### TASK INSTRUCTIONS
Everything in the entries below should be restated exactly, except for the pictures.

### DATASET
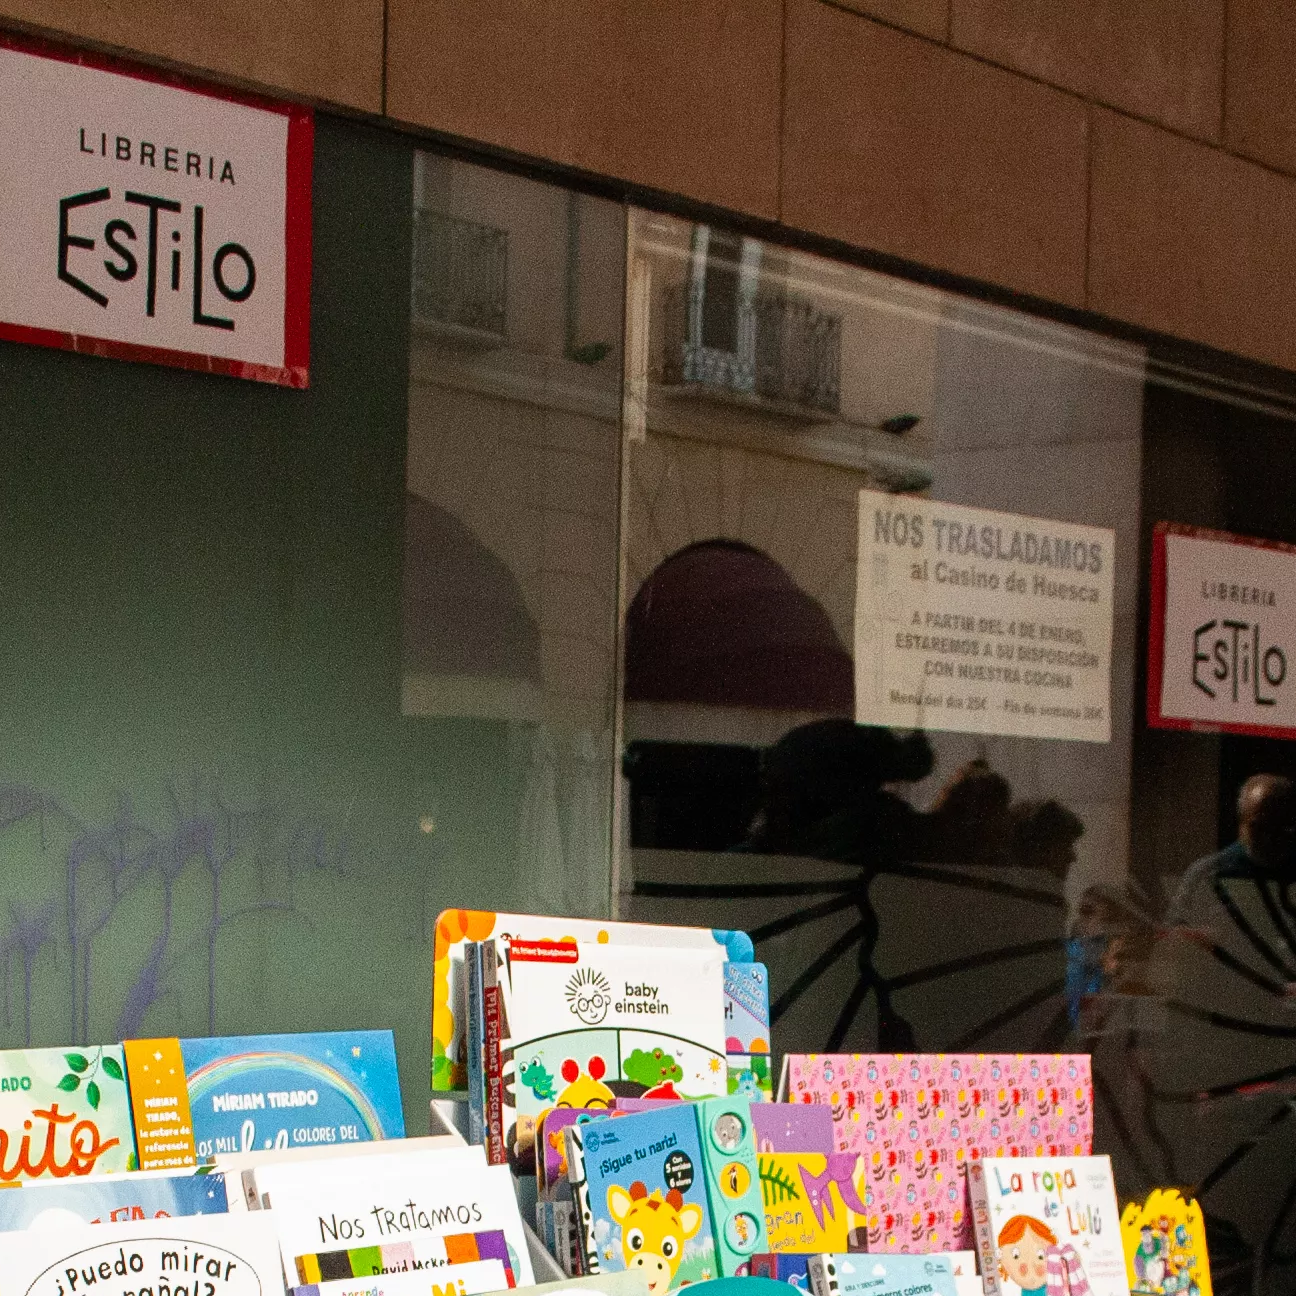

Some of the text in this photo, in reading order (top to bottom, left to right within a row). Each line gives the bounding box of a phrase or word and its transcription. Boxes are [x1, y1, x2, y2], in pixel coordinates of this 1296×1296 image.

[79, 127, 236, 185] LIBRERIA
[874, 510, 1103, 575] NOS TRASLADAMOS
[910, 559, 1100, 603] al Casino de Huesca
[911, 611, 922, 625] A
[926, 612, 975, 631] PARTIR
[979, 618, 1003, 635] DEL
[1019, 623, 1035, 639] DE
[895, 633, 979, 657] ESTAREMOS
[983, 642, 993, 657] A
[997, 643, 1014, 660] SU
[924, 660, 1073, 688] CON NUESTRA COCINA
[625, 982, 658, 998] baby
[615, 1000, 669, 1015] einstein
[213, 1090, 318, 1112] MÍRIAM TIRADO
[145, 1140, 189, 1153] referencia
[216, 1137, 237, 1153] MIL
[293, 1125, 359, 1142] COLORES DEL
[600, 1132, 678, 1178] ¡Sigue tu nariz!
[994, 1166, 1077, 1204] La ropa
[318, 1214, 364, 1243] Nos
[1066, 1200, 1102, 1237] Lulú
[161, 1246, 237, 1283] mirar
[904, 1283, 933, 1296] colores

### EXERCISE OUTPUT
Some of the text in this photo, in reading order (top to bottom, left to right within a row). Each line gives the bounding box of a phrase or word and its transcription. Boxes are [x1, y1, x2, y2], in pixel coordinates of this 1296×1296 image.

[79, 127, 236, 185] LIBRERIA
[874, 510, 1103, 575] NOS TRASLADAMOS
[910, 559, 1100, 603] al Casino de Huesca
[911, 611, 922, 625] A
[926, 612, 975, 631] PARTIR
[979, 618, 1003, 635] DEL
[1019, 623, 1035, 639] DE
[895, 633, 979, 657] ESTAREMOS
[983, 642, 993, 657] A
[997, 643, 1014, 660] SU
[924, 660, 1073, 688] CON NUESTRA COCINA
[625, 982, 658, 998] baby
[615, 1000, 669, 1015] einstein
[213, 1090, 318, 1112] MÍRIAM TIRADO
[145, 1140, 189, 1153] referencia
[216, 1137, 237, 1153] MIL
[293, 1125, 359, 1142] COLORES DEL
[600, 1132, 678, 1178] ¡Sigue tu nariz!
[994, 1166, 1077, 1204] La ropa
[318, 1214, 364, 1243] Nos
[1066, 1200, 1102, 1237] Lulú
[161, 1246, 237, 1283] mirar
[904, 1283, 933, 1296] colores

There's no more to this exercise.